Umkhonto we Sizwe (MK) was the armed wing of the then underground ANC. While it could never physically block apartheid soldiers from entering any “liberated zone”, its importance was threefold.
First, it electrified millions of oppressed people to mobilise internally in the United Democratic Front, trade unions and a host of civil society organisations and their campaigns “to make South Africa ungovernable”.
Second, it gave the ANC credibility internationally as the dominant resistance movement against the apartheid regime, in a way that for example, the Pan Africanist Congress of Azania, the Azanian People’s Organisation and the Unity Movement could never claim.
Third, its activities compelled the apartheid regime to extend conscription successively during the 1970s and 1980s.
Conscription was instituted in 1962 in the form of nine months of service for all white males between the ages of 17 and 65. Conscripts became members of the South African Defence Force or the South African Police. They were used to enforce the government’s stance against liberation movements, anti-apartheid activists and the “communist threat”.
In 1972, conscription (national service) was increased from nine months to one year. After completing the year, they were called up annually for 19 days for five years as part of the Citizen Force.
By the middle of 1974 control of northern Namibia was handed over to the South African Defence Force from the South African Police, and in 1975 the army invaded Angola. To keep up with operational demands, Citizen Force members were then required to complete three-month tours of duty.

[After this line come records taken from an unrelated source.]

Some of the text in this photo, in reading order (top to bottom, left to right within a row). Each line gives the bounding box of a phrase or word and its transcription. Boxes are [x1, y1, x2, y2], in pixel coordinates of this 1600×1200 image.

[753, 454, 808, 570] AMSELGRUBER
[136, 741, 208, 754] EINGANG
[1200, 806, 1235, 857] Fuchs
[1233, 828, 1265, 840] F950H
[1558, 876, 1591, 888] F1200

In 1977 conscription was once again increased, this time to two years plus 30 days annually for eight years.
The state was also forced to pour funds into the Armaments Corporation of South Africa (Armscor), building six atomic bombs and a long-range missile to threaten neighbouring states that were providing rear bases to MK. All this was a crippling financial burden which contributed to bring down the apartheid state, as did the emigration of white professionals to avoid conscription.
What role did Gordhan play in MK?
Gordhan was in the MK intelligence network operating in KwaZulu-Natal during the 1980s. He was under the ultimate command of (now South African President) Jacob Zuma who was based in Lusaka, Zambia’s capital.

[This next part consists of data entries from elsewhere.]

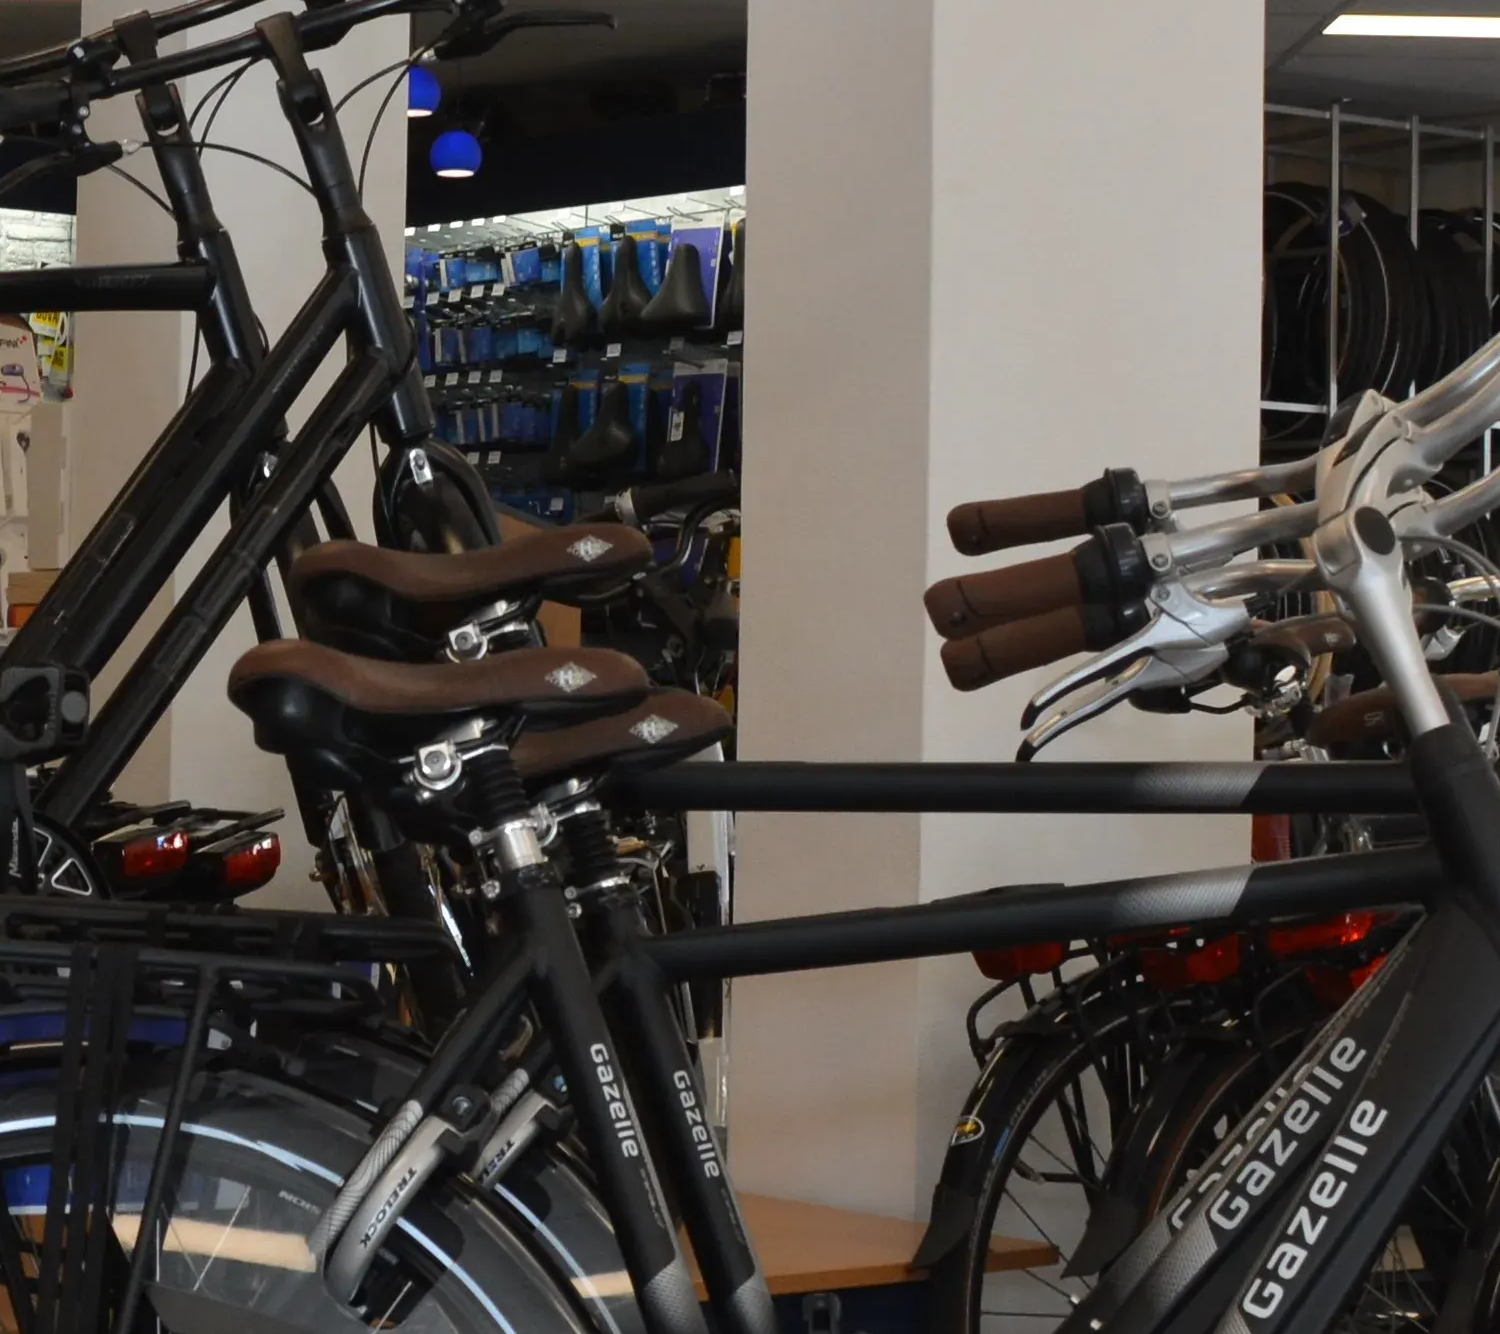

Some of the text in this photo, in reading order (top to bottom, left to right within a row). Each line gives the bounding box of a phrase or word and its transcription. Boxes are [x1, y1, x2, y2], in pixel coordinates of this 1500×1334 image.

[589, 1042, 640, 1160] Gazelle
[672, 1069, 721, 1180] Gazelle
[1209, 1034, 1368, 1231] Gazelle
[359, 1168, 418, 1250] TRELOCK
[1242, 1097, 1388, 1320] Gazelle

Gordhan was responsible for setting up a number of MK units operating in what was then southern Natal. He was closely involved in the mobilisation process and recruitment of young guerrillas in that area to undergo military training inside South Africa. This was part of Operation Vula, one of the ANC’s major offensives towards the end of apartheid. Gordhan was one of nine senior ANC members charged with terrorism by the apartheid state. In 1991 they were indemnified by the government.
What is the status of MK today?
MK veterans are not a political force per se. But they are mobilised by rival factions within the ANC. For example, the smear attacks by Maphatsoe against former intelligence minister Ronnie Kasrils are part of his defence of President Zuma. It is unlikely that his smears represent the views of most veterans, or that he has even consulted them.
These contestations will continue until Zuma’s successor has been chosen by the ANC. This should happen in 2017 when the ANC is due to hold its national conference to elect a new president and national executive.
What does the attack on Gordhan by two colleagues tell us about the ANC?
ANC disagreements, like those of the British Labour Party, are more often in public than is the case with their rival parties. For example, it is many years since then Democratic Alliance (DA) leader Helen Zille publicly dressed down a (black) DA elected representative for saying that the party’s former parliamentary leader, Lindiwe Mazibuko, was not black enough.
But when cabinet ministers and deputy ministers criticise each other in public, as both Van Rooyen and Maphatsoe have done with Gordhan, it shows that even the top leadership is seriously divided on important issues.
What does it all mean going forward?
What this means for the future is that divisiveness between ANC factions in national and provincial structures will continue or even deteriorate all the way in the run-up to its 2017 conference.
Keith Gottschalk is an ANC member. He writes this in his professional capacity as a political scientist.